#### Task requirements
Go through the entries below. Copy each line in which "phrase" appears.

#### Extracted entries

* * * * *

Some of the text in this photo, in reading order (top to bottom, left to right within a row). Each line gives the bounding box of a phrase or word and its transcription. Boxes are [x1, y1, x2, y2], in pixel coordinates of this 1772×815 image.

* * * * *

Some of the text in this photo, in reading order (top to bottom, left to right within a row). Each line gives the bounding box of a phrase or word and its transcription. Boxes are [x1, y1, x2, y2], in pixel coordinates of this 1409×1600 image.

* * * * *

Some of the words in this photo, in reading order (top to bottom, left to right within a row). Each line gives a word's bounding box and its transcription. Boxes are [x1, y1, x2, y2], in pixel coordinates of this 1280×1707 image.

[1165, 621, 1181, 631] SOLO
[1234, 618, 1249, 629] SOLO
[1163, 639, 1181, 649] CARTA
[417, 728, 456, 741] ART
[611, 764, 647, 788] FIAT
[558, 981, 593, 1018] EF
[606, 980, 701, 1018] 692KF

* * * * *

#### Answer box
Some of the text in this photo, in reading order (top to bottom, left to right within a row). Each line gives the bounding box of a phrase or word and its transcription. Boxes are [x1, y1, x2, y2], in pixel coordinates of this 1772×815 image.
Some of the text in this photo, in reading order (top to bottom, left to right within a row). Each line gives the bounding box of a phrase or word and its transcription. Boxes are [x1, y1, x2, y2], in pixel coordinates of this 1409×1600 image.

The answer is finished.